- Task statement
All of the entries must be output exactly as they are.
BEGIN Exercise input
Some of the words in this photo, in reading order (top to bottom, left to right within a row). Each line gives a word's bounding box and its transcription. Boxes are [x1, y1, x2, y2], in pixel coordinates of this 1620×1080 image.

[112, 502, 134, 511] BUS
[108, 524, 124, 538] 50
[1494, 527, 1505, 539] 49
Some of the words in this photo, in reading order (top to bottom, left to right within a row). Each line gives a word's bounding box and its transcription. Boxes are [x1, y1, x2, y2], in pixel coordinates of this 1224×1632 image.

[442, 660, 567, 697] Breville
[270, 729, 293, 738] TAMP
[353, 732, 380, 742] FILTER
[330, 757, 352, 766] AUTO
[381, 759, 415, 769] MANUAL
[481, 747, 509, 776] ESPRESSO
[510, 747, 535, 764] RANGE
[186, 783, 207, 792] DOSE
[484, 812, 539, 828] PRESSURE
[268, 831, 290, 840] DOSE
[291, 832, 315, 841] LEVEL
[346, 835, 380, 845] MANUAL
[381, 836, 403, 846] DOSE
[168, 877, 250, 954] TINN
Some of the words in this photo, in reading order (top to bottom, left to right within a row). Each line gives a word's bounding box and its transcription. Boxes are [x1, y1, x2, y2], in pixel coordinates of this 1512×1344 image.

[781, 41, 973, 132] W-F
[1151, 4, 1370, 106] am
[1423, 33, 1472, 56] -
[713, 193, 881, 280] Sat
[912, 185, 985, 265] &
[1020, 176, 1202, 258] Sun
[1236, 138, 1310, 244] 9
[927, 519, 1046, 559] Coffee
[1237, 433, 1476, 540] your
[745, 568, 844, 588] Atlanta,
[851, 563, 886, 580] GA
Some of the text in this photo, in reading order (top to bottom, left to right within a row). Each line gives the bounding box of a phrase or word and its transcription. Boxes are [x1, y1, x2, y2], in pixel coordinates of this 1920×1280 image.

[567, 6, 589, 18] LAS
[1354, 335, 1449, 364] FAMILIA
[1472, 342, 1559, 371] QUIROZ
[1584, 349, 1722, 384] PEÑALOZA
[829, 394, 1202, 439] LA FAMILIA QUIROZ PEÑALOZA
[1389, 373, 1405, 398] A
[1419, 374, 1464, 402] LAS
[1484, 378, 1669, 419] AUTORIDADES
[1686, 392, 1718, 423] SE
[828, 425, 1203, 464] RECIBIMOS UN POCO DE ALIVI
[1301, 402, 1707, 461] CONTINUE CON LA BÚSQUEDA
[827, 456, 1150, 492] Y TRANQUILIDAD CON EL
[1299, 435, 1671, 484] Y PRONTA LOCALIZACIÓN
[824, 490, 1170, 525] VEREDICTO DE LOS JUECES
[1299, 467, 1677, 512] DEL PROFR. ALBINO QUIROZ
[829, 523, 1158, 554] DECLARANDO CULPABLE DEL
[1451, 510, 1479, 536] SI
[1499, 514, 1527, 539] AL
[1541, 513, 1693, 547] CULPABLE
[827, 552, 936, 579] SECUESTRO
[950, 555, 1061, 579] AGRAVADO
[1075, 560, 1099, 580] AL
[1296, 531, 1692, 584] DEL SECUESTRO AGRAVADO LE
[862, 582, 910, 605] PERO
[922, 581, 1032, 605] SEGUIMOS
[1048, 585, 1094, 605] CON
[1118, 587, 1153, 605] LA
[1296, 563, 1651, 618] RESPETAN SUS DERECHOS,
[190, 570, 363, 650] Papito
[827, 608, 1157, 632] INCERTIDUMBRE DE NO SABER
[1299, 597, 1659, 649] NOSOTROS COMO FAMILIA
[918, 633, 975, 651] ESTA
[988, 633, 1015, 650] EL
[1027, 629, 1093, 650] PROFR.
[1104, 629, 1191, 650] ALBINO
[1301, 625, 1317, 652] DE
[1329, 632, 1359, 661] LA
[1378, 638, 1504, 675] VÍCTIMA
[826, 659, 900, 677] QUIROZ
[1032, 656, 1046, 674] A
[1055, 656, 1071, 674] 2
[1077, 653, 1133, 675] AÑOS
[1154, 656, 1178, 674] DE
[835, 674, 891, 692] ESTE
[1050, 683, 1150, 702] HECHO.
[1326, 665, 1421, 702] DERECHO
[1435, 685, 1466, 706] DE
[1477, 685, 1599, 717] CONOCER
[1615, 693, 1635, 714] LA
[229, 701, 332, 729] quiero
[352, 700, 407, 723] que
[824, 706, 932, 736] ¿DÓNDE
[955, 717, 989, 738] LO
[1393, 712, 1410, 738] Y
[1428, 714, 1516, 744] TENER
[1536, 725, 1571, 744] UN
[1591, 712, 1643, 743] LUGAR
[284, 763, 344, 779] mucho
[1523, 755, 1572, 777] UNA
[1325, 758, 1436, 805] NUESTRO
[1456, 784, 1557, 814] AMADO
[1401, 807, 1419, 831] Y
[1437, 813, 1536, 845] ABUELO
END Exercise input
- Solved exercise
Some of the words in this photo, in reading order (top to bottom, left to right within a row). Each line gives a word's bounding box and its transcription. Boxes are [x1, y1, x2, y2], in pixel coordinates of this 1620×1080 image.

[112, 502, 134, 511] BUS
[108, 524, 124, 538] 50
[1494, 527, 1505, 539] 49
Some of the words in this photo, in reading order (top to bottom, left to right within a row). Each line gives a word's bounding box and its transcription. Boxes are [x1, y1, x2, y2], in pixel coordinates of this 1224×1632 image.

[442, 660, 567, 697] Breville
[270, 729, 293, 738] TAMP
[353, 732, 380, 742] FILTER
[330, 757, 352, 766] AUTO
[381, 759, 415, 769] MANUAL
[481, 747, 509, 776] ESPRESSO
[510, 747, 535, 764] RANGE
[186, 783, 207, 792] DOSE
[484, 812, 539, 828] PRESSURE
[268, 831, 290, 840] DOSE
[291, 832, 315, 841] LEVEL
[346, 835, 380, 845] MANUAL
[381, 836, 403, 846] DOSE
[168, 877, 250, 954] TINN
Some of the words in this photo, in reading order (top to bottom, left to right within a row). Each line gives a word's bounding box and its transcription. Boxes are [x1, y1, x2, y2], in pixel coordinates of this 1512×1344 image.

[781, 41, 973, 132] W-F
[1151, 4, 1370, 106] am
[1423, 33, 1472, 56] -
[713, 193, 881, 280] Sat
[912, 185, 985, 265] &
[1020, 176, 1202, 258] Sun
[1236, 138, 1310, 244] 9
[927, 519, 1046, 559] Coffee
[1237, 433, 1476, 540] your
[745, 568, 844, 588] Atlanta,
[851, 563, 886, 580] GA
Some of the text in this photo, in reading order (top to bottom, left to right within a row). Each line gives the bounding box of a phrase or word and its transcription. Boxes are [x1, y1, x2, y2], in pixel coordinates of this 1920×1280 image.

[567, 6, 589, 18] LAS
[1354, 335, 1449, 364] FAMILIA
[1472, 342, 1559, 371] QUIROZ
[1584, 349, 1722, 384] PEÑALOZA
[829, 394, 1202, 439] LA FAMILIA QUIROZ PEÑALOZA
[1389, 373, 1405, 398] A
[1419, 374, 1464, 402] LAS
[1484, 378, 1669, 419] AUTORIDADES
[1686, 392, 1718, 423] SE
[828, 425, 1203, 464] RECIBIMOS UN POCO DE ALIVI
[1301, 402, 1707, 461] CONTINUE CON LA BÚSQUEDA
[827, 456, 1150, 492] Y TRANQUILIDAD CON EL
[1299, 435, 1671, 484] Y PRONTA LOCALIZACIÓN
[824, 490, 1170, 525] VEREDICTO DE LOS JUECES
[1299, 467, 1677, 512] DEL PROFR. ALBINO QUIROZ
[829, 523, 1158, 554] DECLARANDO CULPABLE DEL
[1451, 510, 1479, 536] SI
[1499, 514, 1527, 539] AL
[1541, 513, 1693, 547] CULPABLE
[827, 552, 936, 579] SECUESTRO
[950, 555, 1061, 579] AGRAVADO
[1075, 560, 1099, 580] AL
[1296, 531, 1692, 584] DEL SECUESTRO AGRAVADO LE
[862, 582, 910, 605] PERO
[922, 581, 1032, 605] SEGUIMOS
[1048, 585, 1094, 605] CON
[1118, 587, 1153, 605] LA
[1296, 563, 1651, 618] RESPETAN SUS DERECHOS,
[190, 570, 363, 650] Papito
[827, 608, 1157, 632] INCERTIDUMBRE DE NO SABER
[1299, 597, 1659, 649] NOSOTROS COMO FAMILIA
[918, 633, 975, 651] ESTA
[988, 633, 1015, 650] EL
[1027, 629, 1093, 650] PROFR.
[1104, 629, 1191, 650] ALBINO
[1301, 625, 1317, 652] DE
[1329, 632, 1359, 661] LA
[1378, 638, 1504, 675] VÍCTIMA
[826, 659, 900, 677] QUIROZ
[1032, 656, 1046, 674] A
[1055, 656, 1071, 674] 2
[1077, 653, 1133, 675] AÑOS
[1154, 656, 1178, 674] DE
[835, 674, 891, 692] ESTE
[1050, 683, 1150, 702] HECHO.
[1326, 665, 1421, 702] DERECHO
[1435, 685, 1466, 706] DE
[1477, 685, 1599, 717] CONOCER
[1615, 693, 1635, 714] LA
[229, 701, 332, 729] quiero
[352, 700, 407, 723] que
[824, 706, 932, 736] ¿DÓNDE
[955, 717, 989, 738] LO
[1393, 712, 1410, 738] Y
[1428, 714, 1516, 744] TENER
[1536, 725, 1571, 744] UN
[1591, 712, 1643, 743] LUGAR
[284, 763, 344, 779] mucho
[1523, 755, 1572, 777] UNA
[1325, 758, 1436, 805] NUESTRO
[1456, 784, 1557, 814] AMADO
[1401, 807, 1419, 831] Y
[1437, 813, 1536, 845] ABUELO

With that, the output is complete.